Since I didn’t want to reimplement filesystem::path in Javascript, this would be a good chance to try emscripten, something that I’ve been meaning to do for some time:

Emscripten is an LLVM-based project that compiles C and C++ into highly-optimizable JavaScript in asm.js format. This lets you run C and C++ on the web at near-native speed, without plugins.

I needed emscripten to use a compiler and standard library that supports std::filesystem::path. Unfortunately, this is not the case and the current version of the emscripten compiler and library do not support std::filesystem::path nor std::experimental::filesystem::path.

Since std::filesystem is based on The Boost Filesystem Library, perhaps I could emulate std::filesystem using an emscriptened version of Boost.

Fortunately, the chronotext-boost project provides wide cross-platform support for Boost (1.58) on iOS, Android and Emscripten (to name a few). The Wiki is relatively straight forward, and using emscripten portable I had the emscriptened Boost samples running in the browser pretty quickly.


Since I only wanted to expose a few methods of std::filesystem::path, I chose the embind approach.
Here is the full C++ code:

#include <string>
#include <emscripten/bind.h>
#include <boost/filesystem.hpp>

using namespace emscripten;
namespace fs = boost::filesystem;

#define PATH_FUNC(func_name)                  \
std::wstring func_name(std::wstring const& p) \ 
{ return fs::path(p).func_name().wstring(); }   

PATH_FUNC(remove_filename); // in this context, remove_filename is equivalent to parent_path()

// register exported functions
  function("root_name", &root_name);
  function("root_directory", &root_directory);
  function("root_path", &root_path);
  function("relative_path", &relative_path);
  function("parent_path", &parent_path);
  function("filename", &filename);
  function("stem", &stem);
  function("extension", &extension);
  function("remove_filename", &remove_filename);

Code Considerations

As seen in the code, the functions are all stateless (and macro-generated identically), taking in a string and returning a string. Conversions to and from std::filesystem::path are done inside the functions so that std::filesystem::path instances are not exported or exposed.

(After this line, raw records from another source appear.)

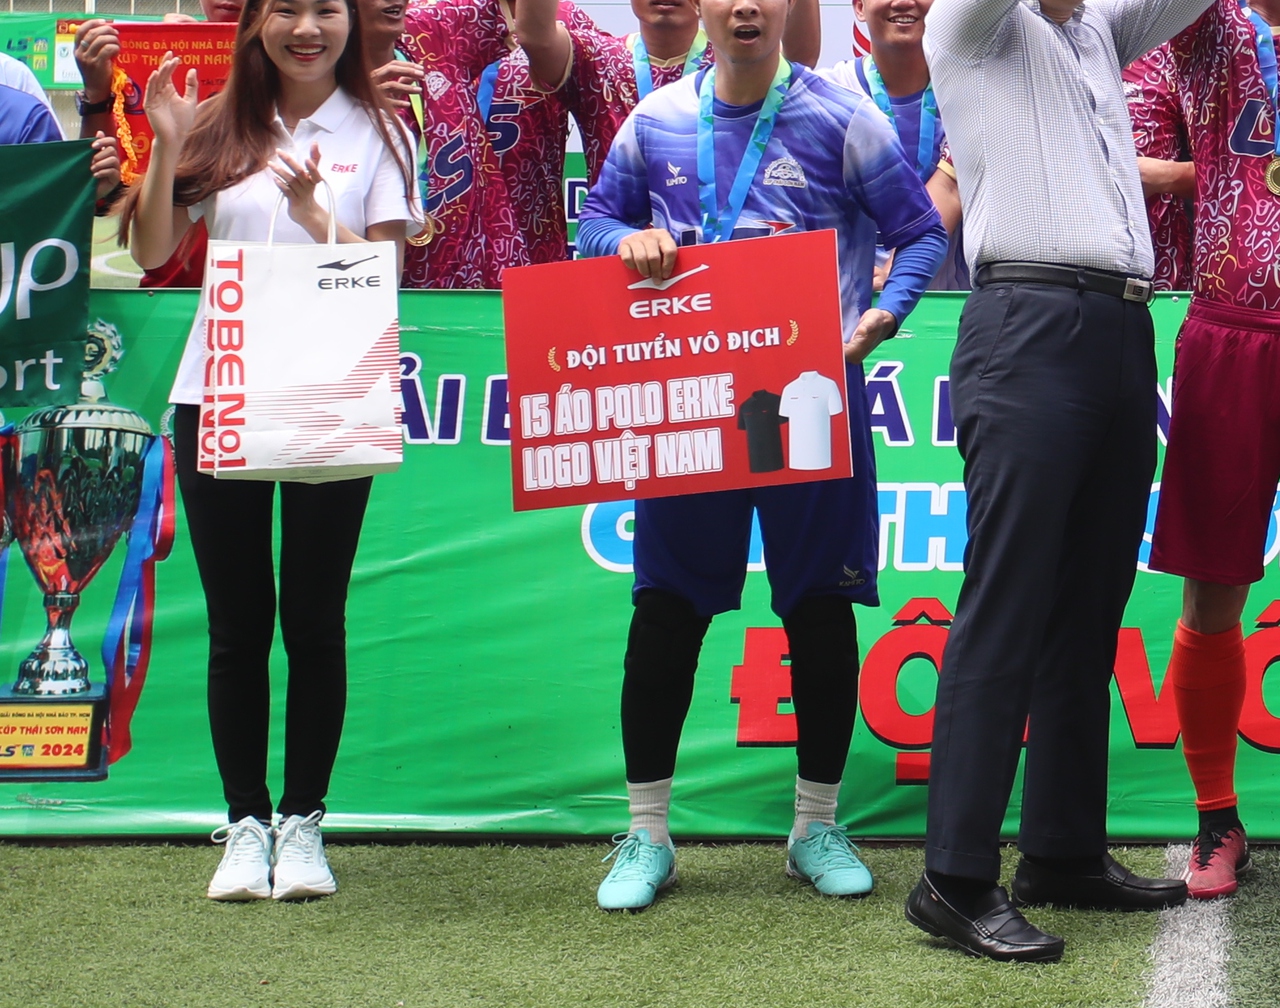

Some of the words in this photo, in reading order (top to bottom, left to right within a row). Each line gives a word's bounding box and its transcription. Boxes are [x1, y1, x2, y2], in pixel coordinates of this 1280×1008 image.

[153, 39, 168, 50] ĐÁ
[170, 40, 189, 52] HỘI
[191, 38, 213, 50] NHÀ
[486, 102, 521, 154] S
[331, 163, 359, 174] ERKE
[317, 275, 382, 291] ERKE
[628, 293, 712, 320] ERKE
[566, 343, 607, 372] ĐỘI
[612, 332, 682, 364] TUYỂN
[687, 330, 721, 355] VÔ
[726, 327, 781, 354] ĐỊCH
[400, 352, 466, 445] ẢI
[865, 361, 914, 447] Á
[520, 393, 550, 439] 15
[555, 383, 592, 436] ÁO
[596, 381, 665, 431] POLO
[666, 372, 736, 423] ERKE
[522, 442, 592, 492] LOGO
[593, 429, 651, 490] VIỆT
[655, 427, 725, 479] NAM
[20, 724, 43, 735] THÁI
[45, 725, 65, 735] SƠN
[66, 725, 89, 736] NAM
[40, 743, 85, 757] 2024
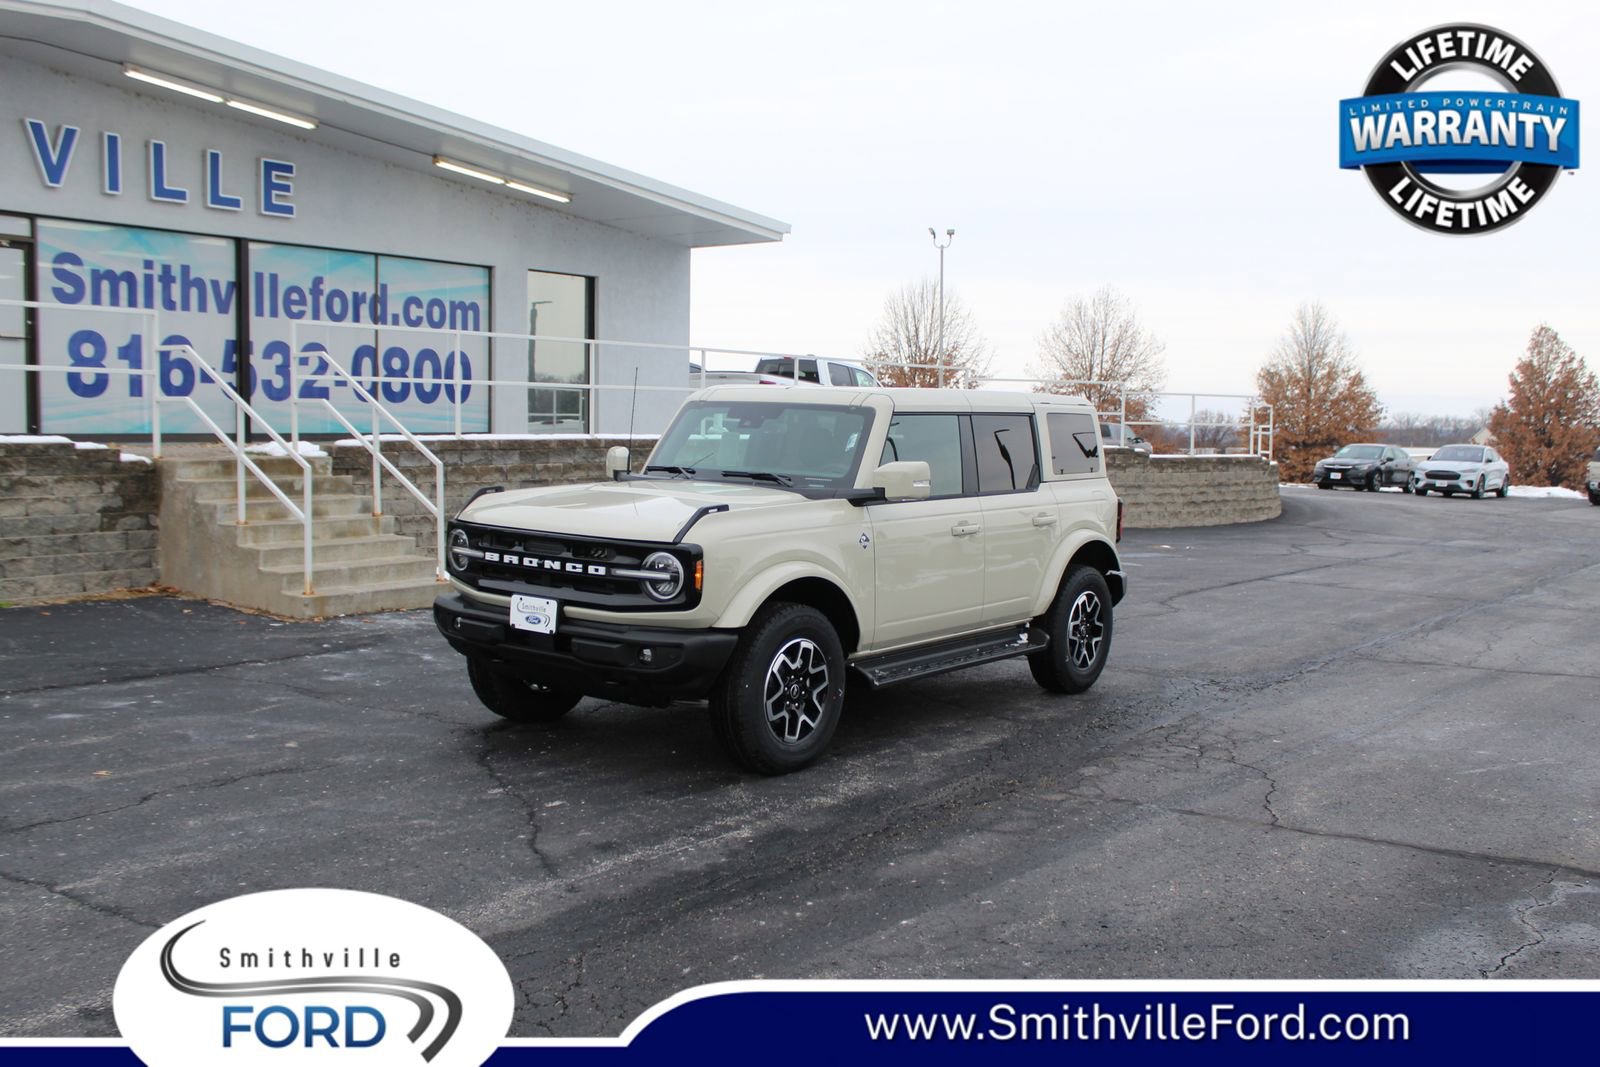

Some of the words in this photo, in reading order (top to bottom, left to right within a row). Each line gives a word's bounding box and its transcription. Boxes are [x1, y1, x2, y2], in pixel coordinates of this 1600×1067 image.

[25, 118, 296, 217] VILLE
[51, 252, 480, 331] Smithvlleford.com
[485, 552, 606, 575] BRONCO

I decided to go with stand-alone functions since wrapping std::filesystem::path with another class, or even exporting it itself, would require the user on the JS side to new the class and then remember to .delete() it. Access to the functions on the Javascript side is done via e.g. Module.filename() so it still looks and feels like method access sans the memory management.

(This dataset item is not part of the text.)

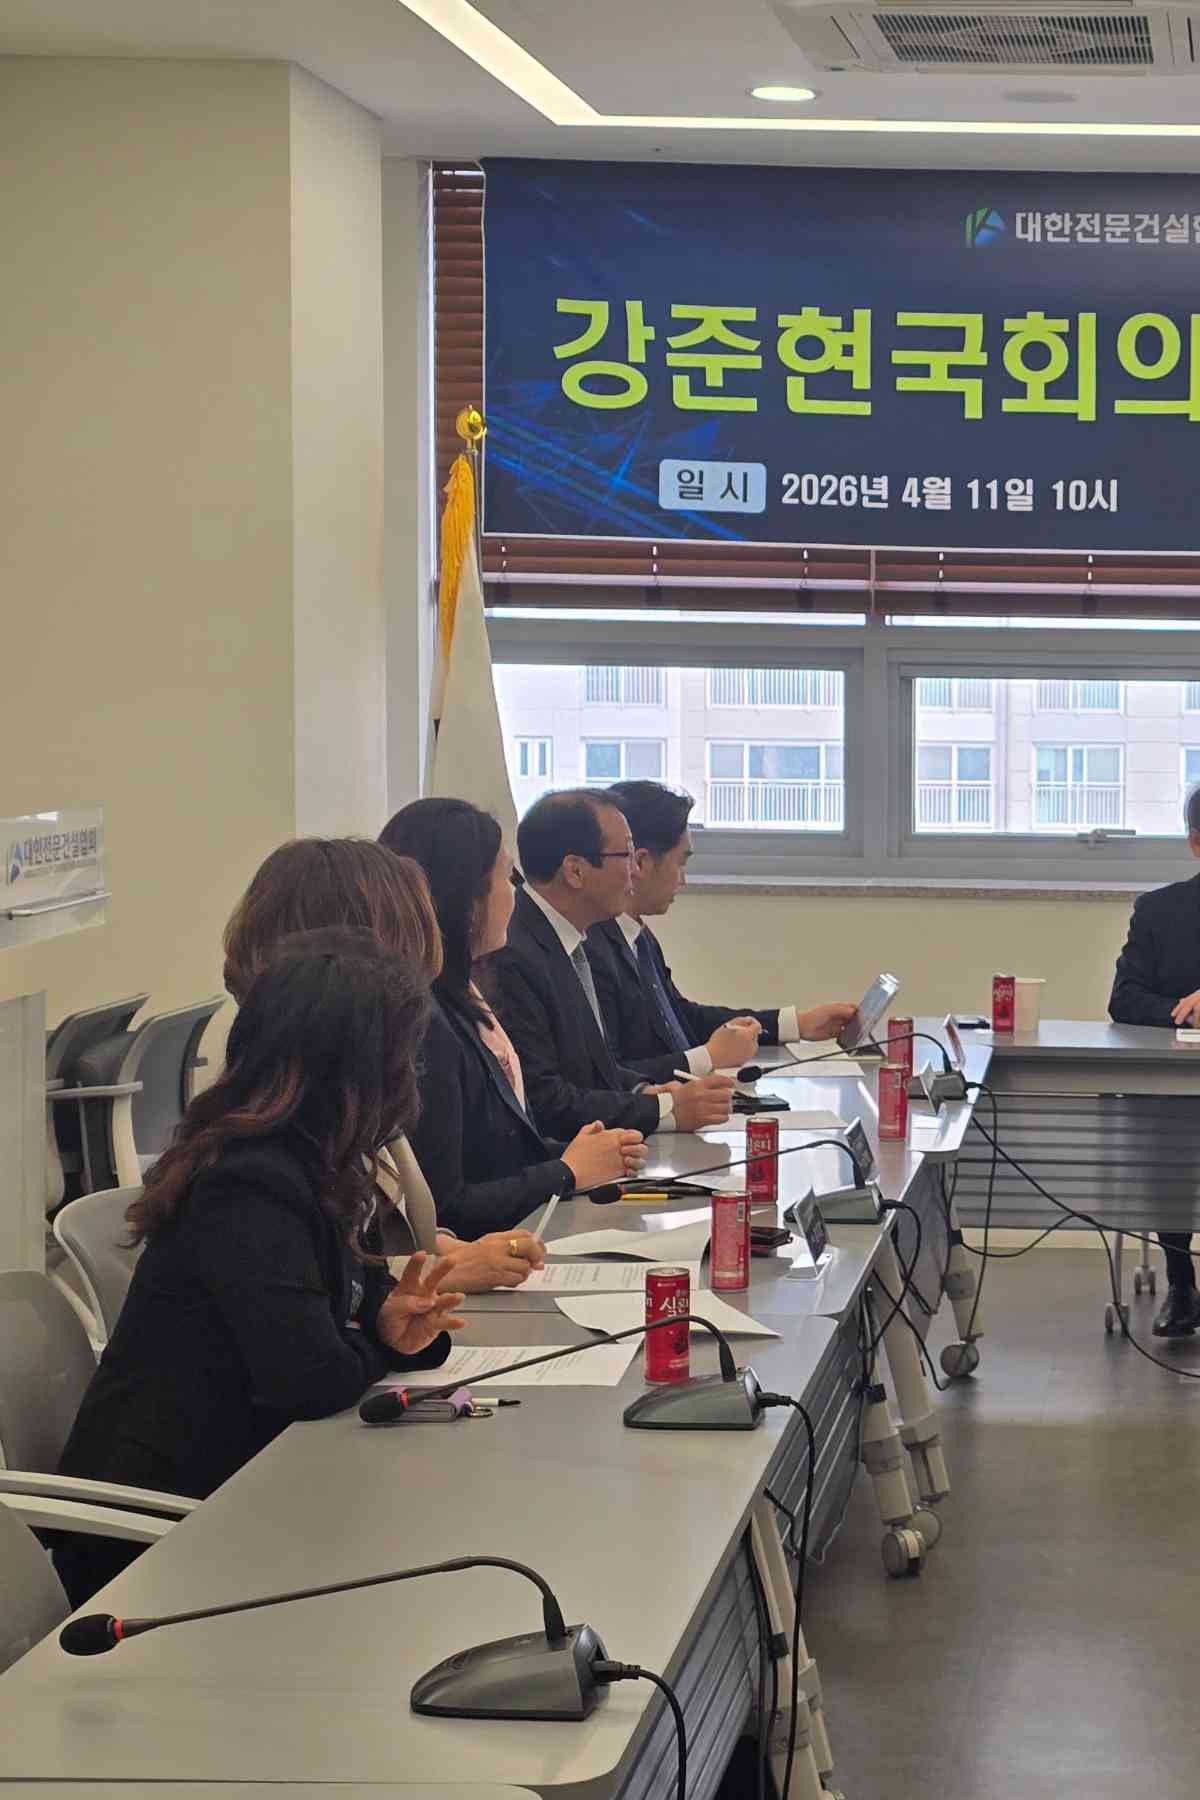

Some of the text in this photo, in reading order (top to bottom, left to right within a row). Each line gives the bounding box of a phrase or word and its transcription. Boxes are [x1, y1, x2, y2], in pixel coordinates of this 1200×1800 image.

[781, 472, 1118, 513] 2026년 4월 11일 10시

I used std::wstring since this allows me to seamlessly and natively support Javascript’s Unicode strings.

Note also that the Boost version of boost::filesystem::path built with emscripten is a Linux based one and ths gives slightly different results with OS-specific things like root names. So although the Windows version will identify C:\ as the root path, this Linuxy-build version will not.

Throw in a little JavaScript and I give you Empath the emscriptened path:


Enter your path here and behold the magic of C++ and Javascript!

Newer versions of emscripten will also generate WebAssembly, which is gaining support with newer versions of most browsers. This makes the web another target platform for C++ that should not be overlooked when performance is at a premium.